Good of you to find time in your busy schedule to join us this morning.” Colonel Berry was a “squared-away marine.” Everything about him was impeccable.

  “Yes, sir. Sorry, sir,” he said, moving to his seat.

  “Wait a minute. I do understand the difficulty of keeping clean under field conditions, but you are rather abnormally filthy. What is that all over your uniform?”

  Pete looked down. “Blood, sir.”

  “Whose? Yours?”

  “No, sir. One of my privates.”

  The colonel paused. “Dead?”

  “No, sir. Well…not when I left him at the aid station, sir. Sniper fire on the way out of Kashima Canyon.”

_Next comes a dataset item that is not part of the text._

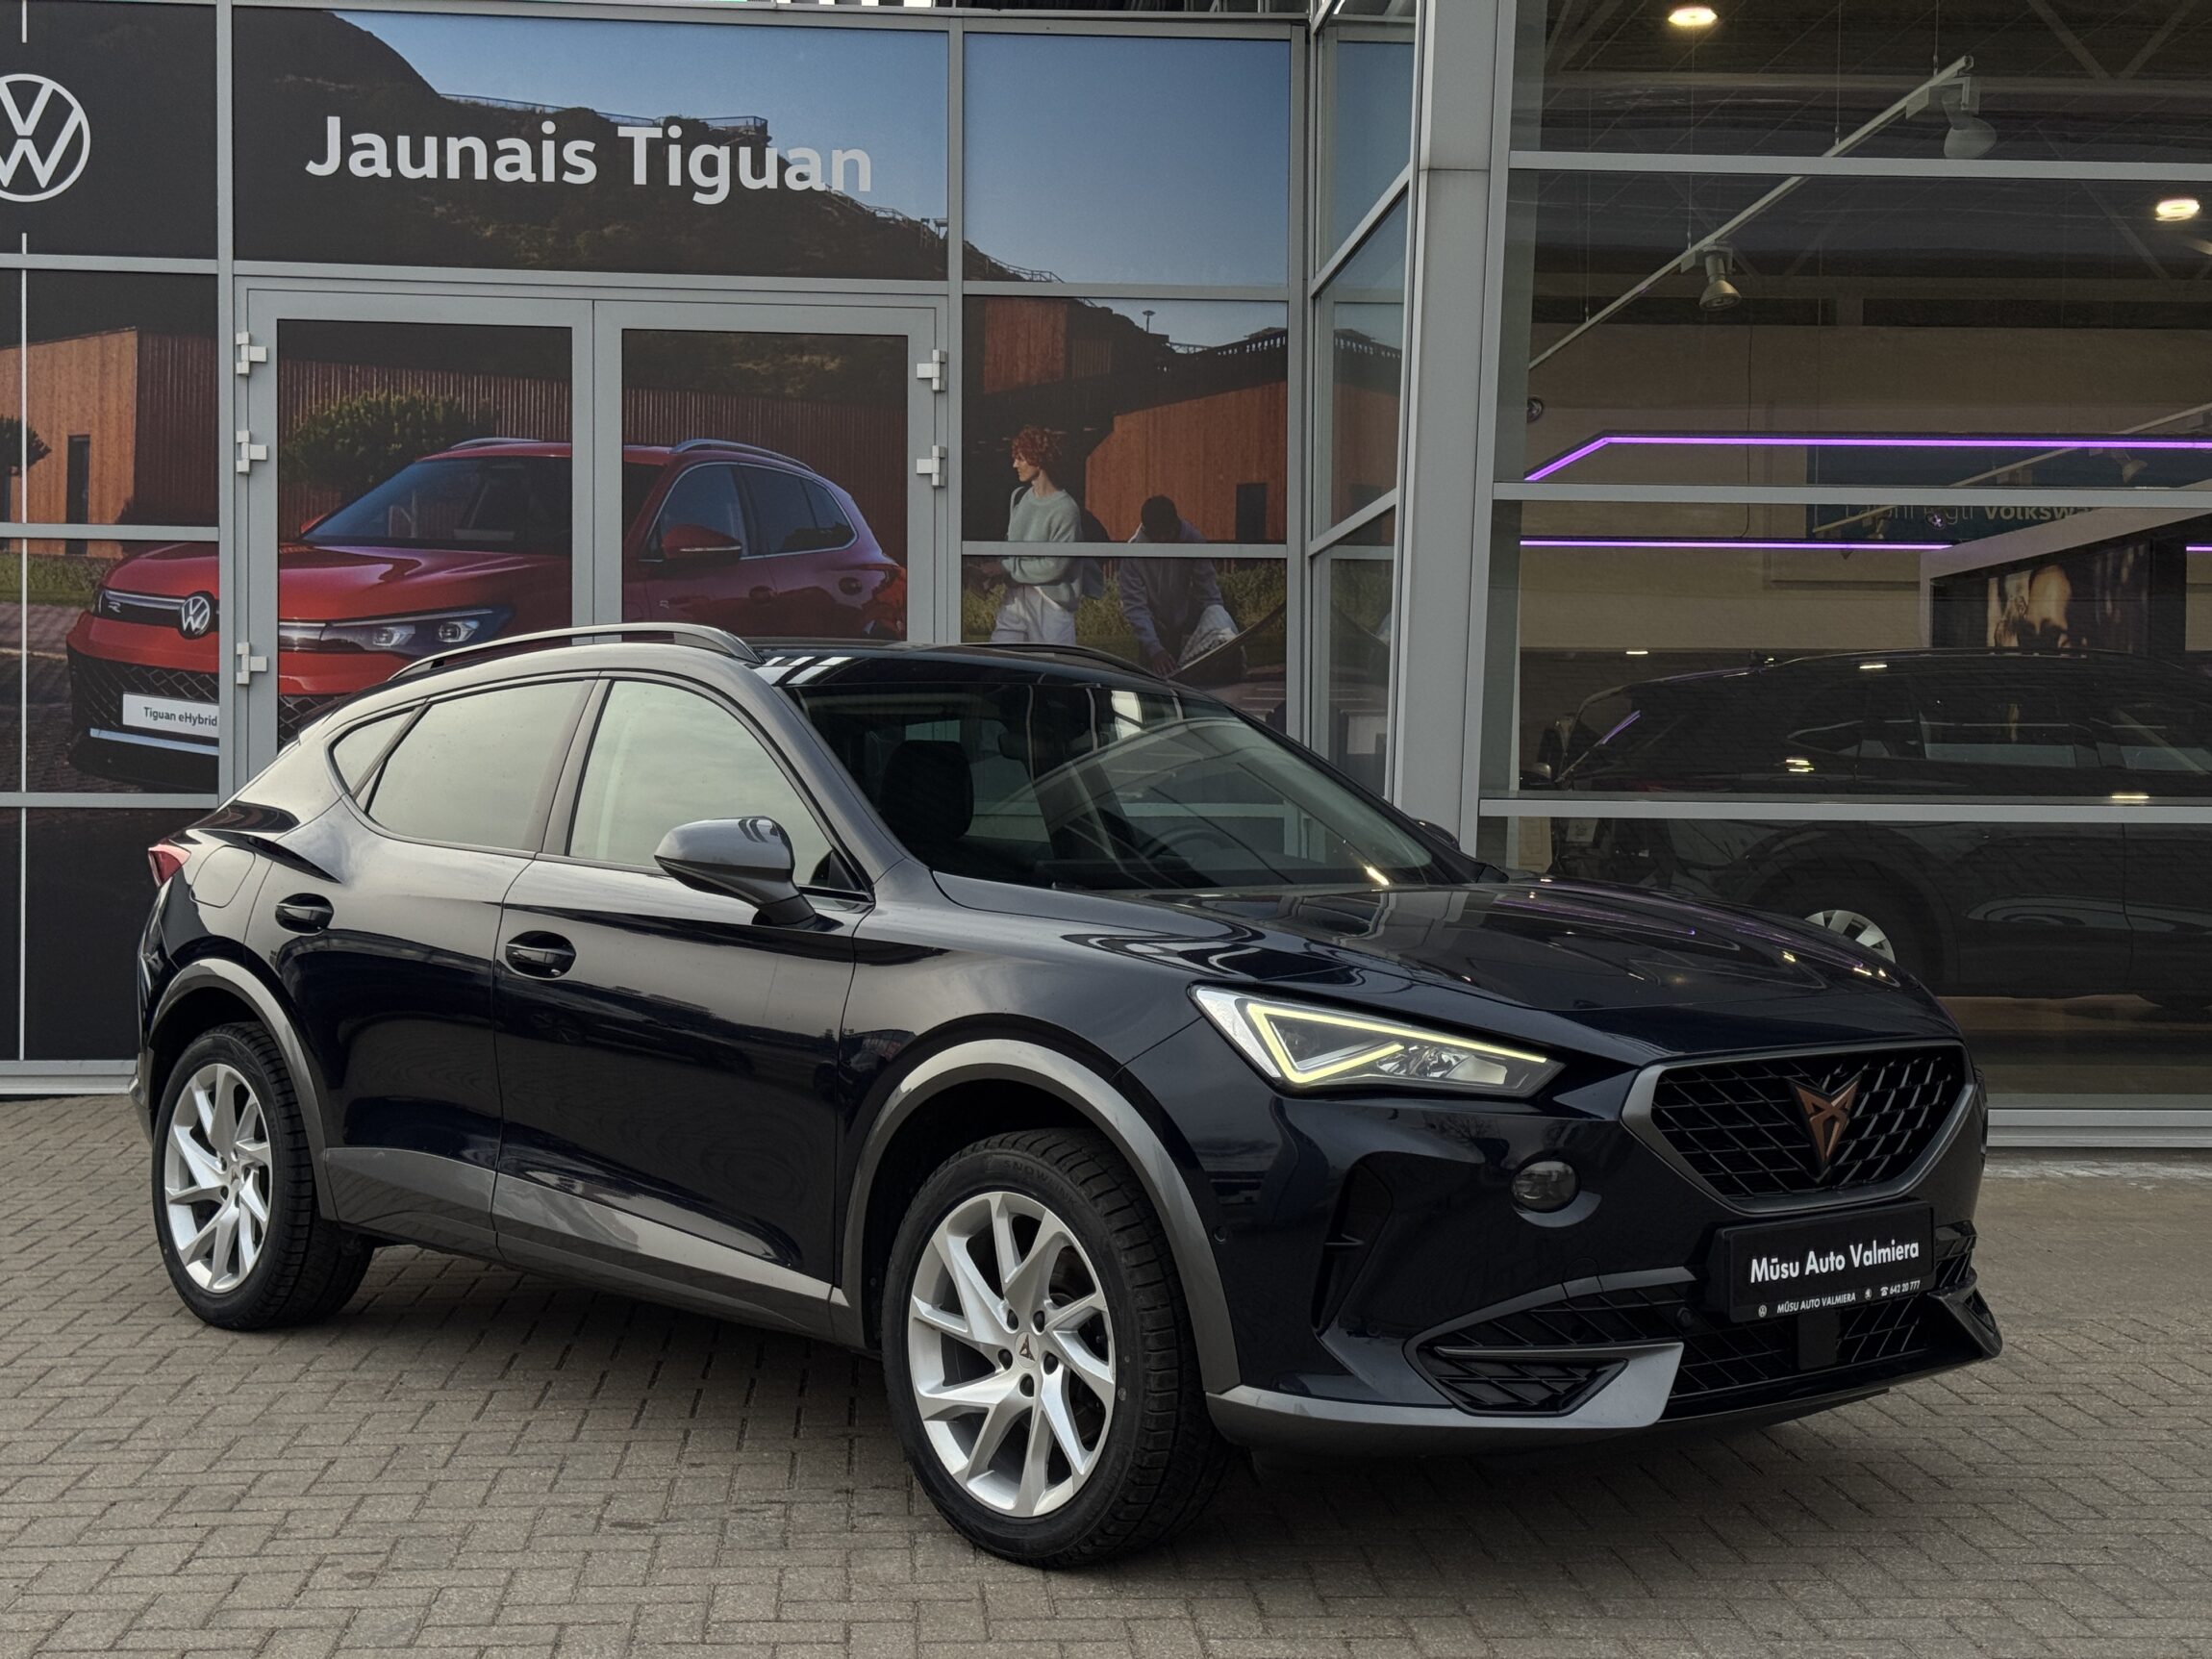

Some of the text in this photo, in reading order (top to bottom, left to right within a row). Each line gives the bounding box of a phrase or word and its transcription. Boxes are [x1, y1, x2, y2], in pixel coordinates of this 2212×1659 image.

[305, 115, 872, 204] Jaunais Tiguan
[143, 706, 217, 726] Tiguan eHybrid
[1750, 1239, 1920, 1284] Mūsu Auto Valmiera
[1776, 1279, 1921, 1314] MŪSU AUTO VALMIERA 642 20 777

  “You carried him the rest of the way?”

  “Yes, sir.”

  The colonel paused. “I don’t think there are many excuses for an officer being late to a command meeting. But this is one. I’ll see your man after the meeting.”

  “Yes, sir. Thank you, sir.”

  He turned back to his notes. “Gentlemen, we’re all familiar with the problem in fighting an enemy who doesn’t seem to care if he lives or dies. That’s why our strategy changed from cleaning the Japanese out of every cave to defending the airfields and key positions leading into the city of Kagoshima. The airfields, not killing Japanese soldiers, are the mission. Killing Japanese is a means to an end and we must not confuse that with the end itself.”

  The way Pete felt, killing Japanese soldiers seemed like a perfectly fine objective. On the other hand, crawling into caves against suicidal armed Japanese wasn’t exactly a pleasant alternative.

  Betty continued, “However, the Japanese have had more success than we like at infiltrating our lines and making supposedly rear areas more dangerous than they should be.” He paused. “A fact to which Captain Rachwalski can attest, as can many of the rest of you.” There was a murmur of agreement. Pete was impressed the colonel could not only remember but also pronounce his name.

  “Our situation will shortly be made more challenging. Some of you and many of your men will be transferred to the Coronet operation. Those who remain will have to work harder and under more dangerous conditions to keep the airfields operational. Therefore, before our forces begin to shrink, it’s time to clear a wider swath around our lines. Gentlemen, I give you Operation Anthill.”